Os instrumentos utilizados nesses rituais eram bastões mágicos conhecidos como 'murrawan', adornados com penas e com um gancho em uma extremidade para imitar lançadores de lanças. Esses bastões eram considerados poderosos e eram usados em feitiçarias que incluíam o canto de encantamentos para completar o ritual. John Mathew, em 1925, descreveu esses bastões como tendo um gancho semelhante ao woomera e adornos de penas de gavião-águia.
Além disso, Howitt mencionou a crença dos Kurnai de que homens conhecidos como 'bunjil murrawun' podiam atrair vítimas por meio de encantamentos. Esses indivíduos usavam pedaços de madeira de Casuarina, árvores especialmente importantes nos rituais relacionados à morte entre os GunaiKurnai. Os etnógrafos Lorimer Fison e Alfred Howitt também notaram que a morte podia ser atribuída a feitiçaria e violência combinadas, e associaram o termo 'murrawun' à Casuarina, destacando sua importância nos rituais de morte.

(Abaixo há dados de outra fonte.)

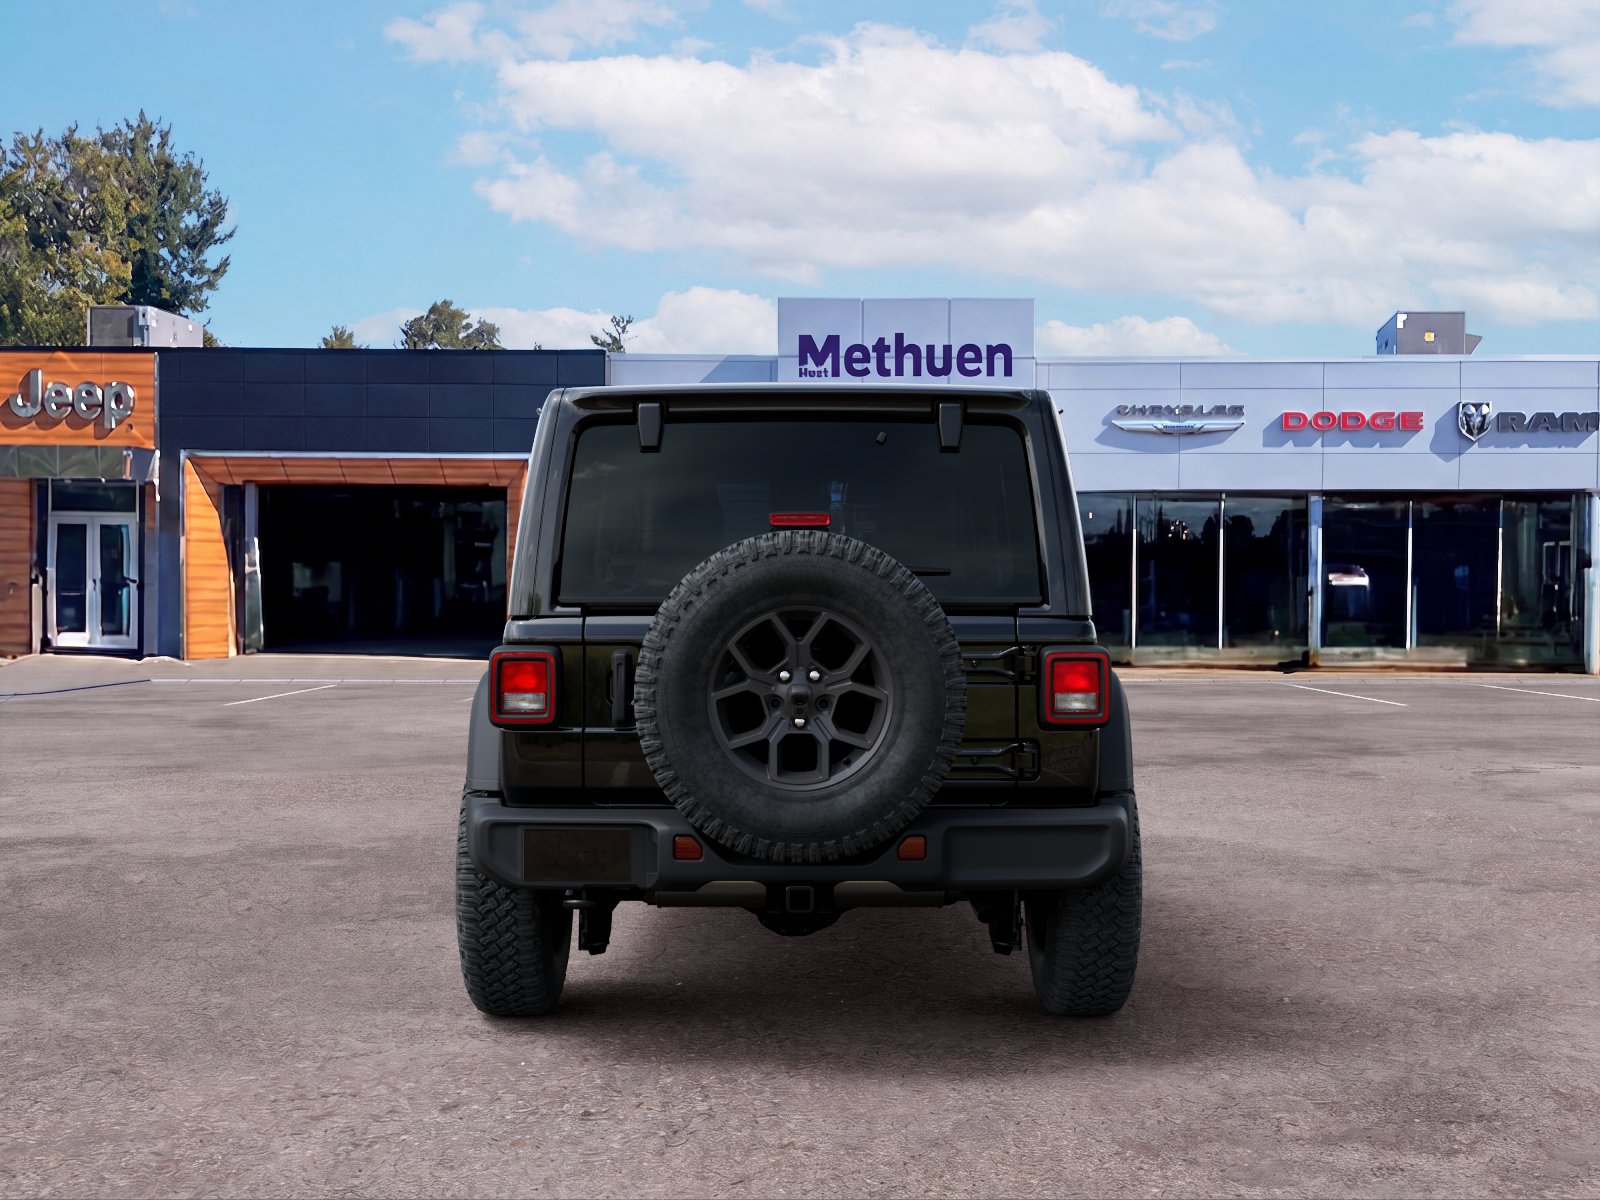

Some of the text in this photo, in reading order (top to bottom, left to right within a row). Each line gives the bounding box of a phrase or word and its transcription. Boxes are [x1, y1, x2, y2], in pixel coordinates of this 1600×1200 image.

"O processo do ritual envolvia amarrar algo pertencente à vítima ou pessoa doente no bastão, untá-lo com gordura e colocá-lo em uma fogueira, enquanto o mulla-mullung cantava o nome da pessoa. A queda do bastão na fogueira marcava a conclusão do feitiço"
Uma prática que coincide surpreendentemente com as características dos bastões encontrados na Caverna Cloggs.
Esses achados extraordinários não apenas validam as descrições de Howitt, mas também indicam a continuidade de práticas espirituais entre os GunaiKurnai ao longo de milênios. A descoberta desses bastões é um testemunho da resiliência cultural e espiritual do povo GunaiKurnai, que manteve suas tradições vivas apesar dos desafios impostos pela colonização e a subsequente marginalização de suas comunidades. Os pesquisadores envolvidos na redescoberta desses artefatos enfatizam sua relevância para a cultura GunaiKurnai, destacando que os objetos foram preservados no local como um meio de transmitir conhecimento para futuras gerações, um legado que continua a ecoar na pesquisa contemporânea.
¹ Etnografia - É a ciência das etnias. Do grego ethos (cultura) + graphe (escrita). A etnografia estuda e revela os costumes, as crenças e as tradições de uma sociedade, que são transmitidas de geração em geração e que permitem a continuidade de uma determinada cultura ou de um sistema social.